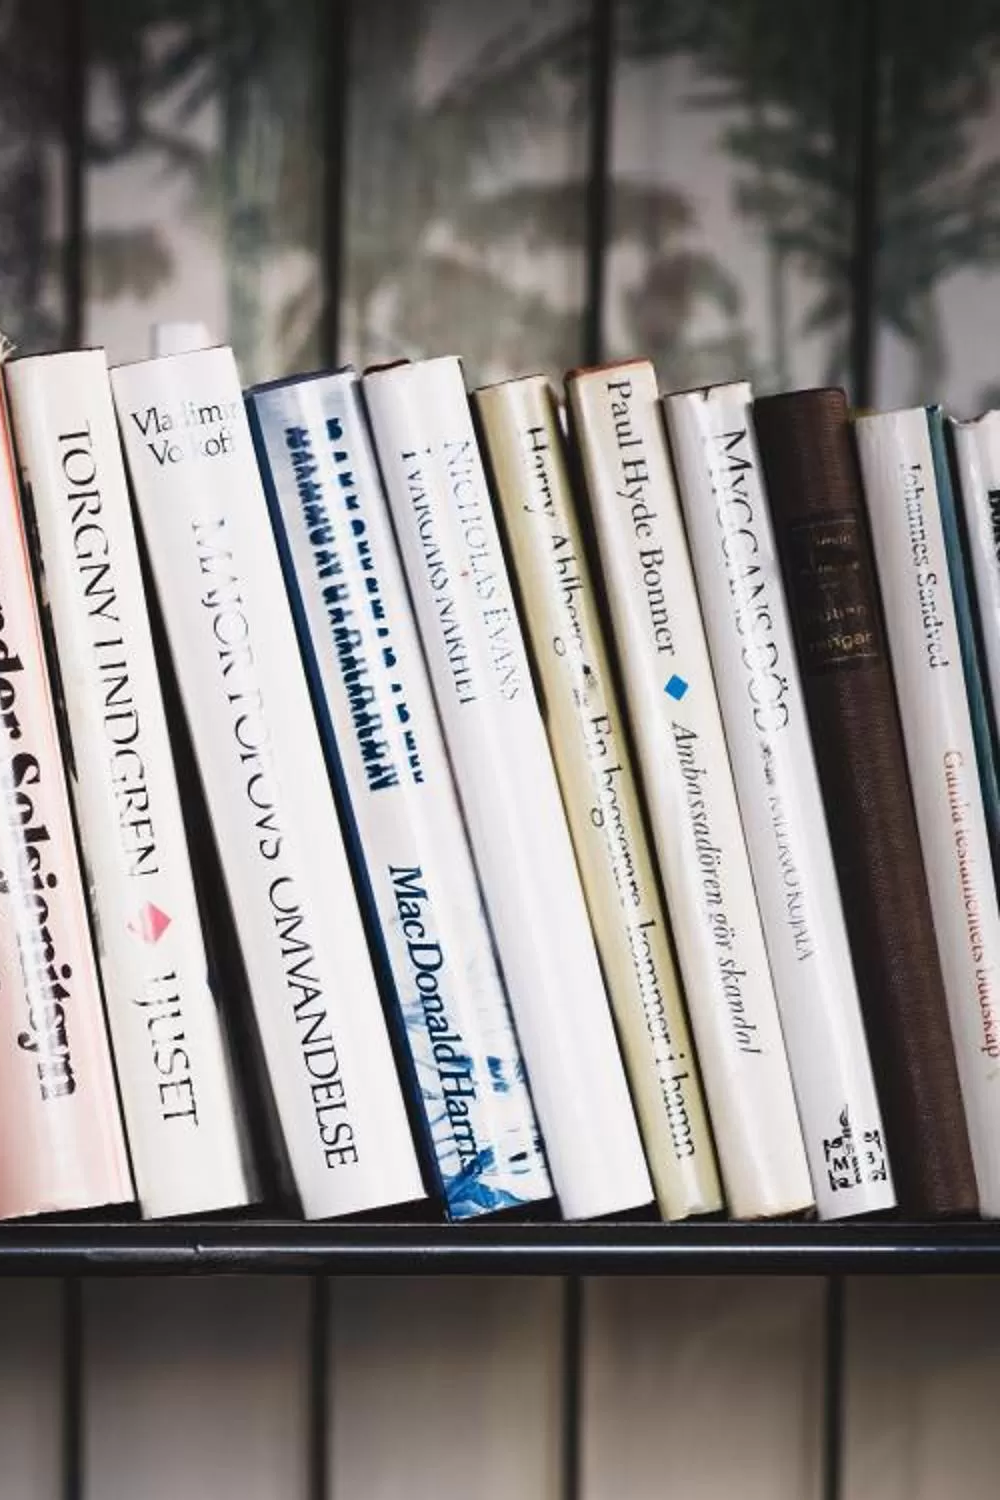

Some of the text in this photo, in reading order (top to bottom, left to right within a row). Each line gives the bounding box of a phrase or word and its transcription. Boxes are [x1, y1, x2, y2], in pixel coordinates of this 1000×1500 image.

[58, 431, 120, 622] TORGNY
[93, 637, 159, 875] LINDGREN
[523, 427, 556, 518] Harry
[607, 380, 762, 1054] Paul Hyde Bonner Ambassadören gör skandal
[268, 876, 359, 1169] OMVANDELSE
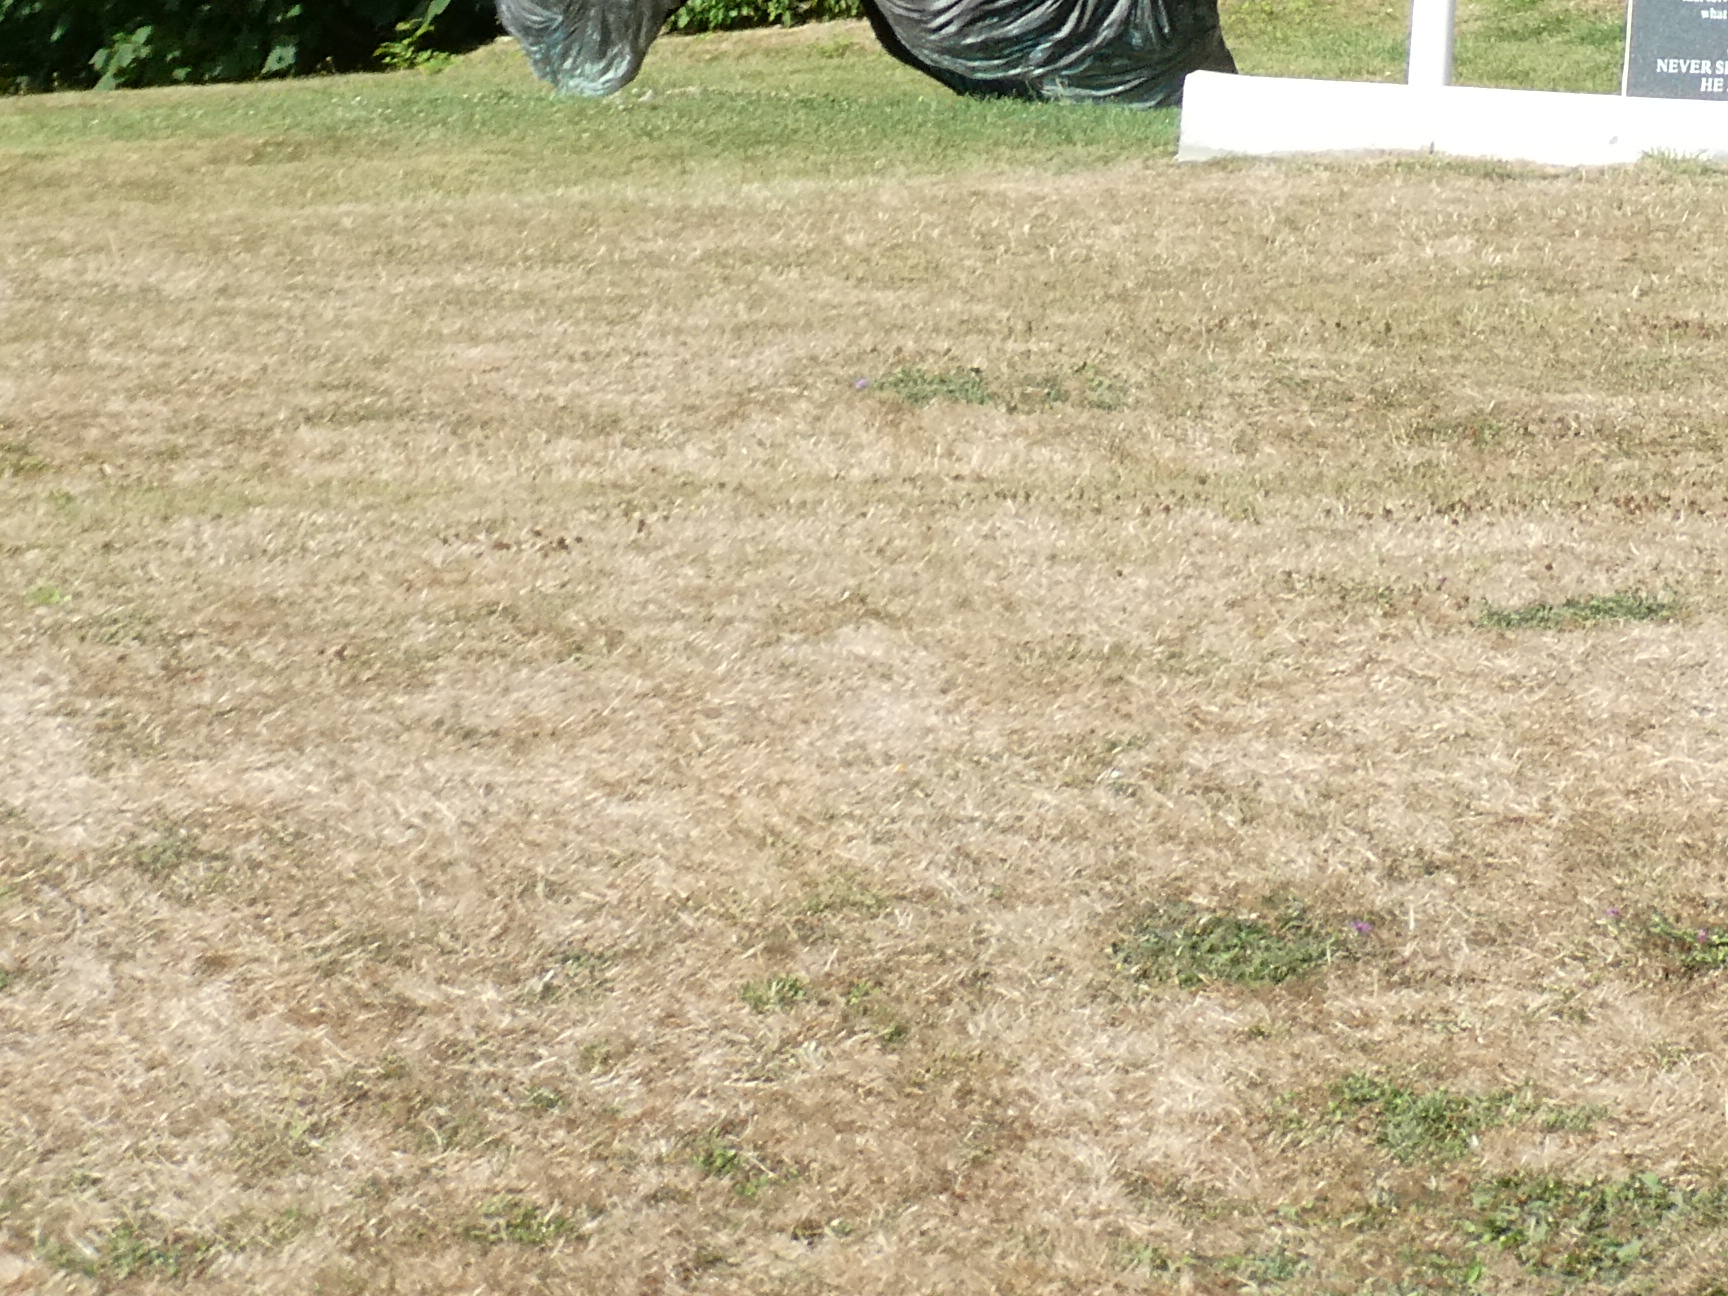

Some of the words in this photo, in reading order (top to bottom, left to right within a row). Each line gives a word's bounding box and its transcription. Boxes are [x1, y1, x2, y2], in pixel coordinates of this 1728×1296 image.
--------
EXERCISE PROMPT: Each entry must be set down word for word; no image may be carried over.

OUTPUT FOR THIS TASK:
Some of the text in this photo, in reading order (top to bottom, left to right within a row). Each line gives the bounding box of a phrase or word and its transcription. Boxes are [x1, y1, x2, y2], in pixel coordinates of this 1000×1500 image.

[58, 431, 120, 622] TORGNY
[93, 637, 159, 875] LINDGREN
[523, 427, 556, 518] Harry
[607, 380, 762, 1054] Paul Hyde Bonner Ambassadören gör skandal
[268, 876, 359, 1169] OMVANDELSE

Some of the words in this photo, in reading order (top to bottom, left to right within a row). Each line gives a word's bounding box and its transcription. Boxes are [x1, y1, x2, y2], in pixel coordinates of this 1728×1296 image.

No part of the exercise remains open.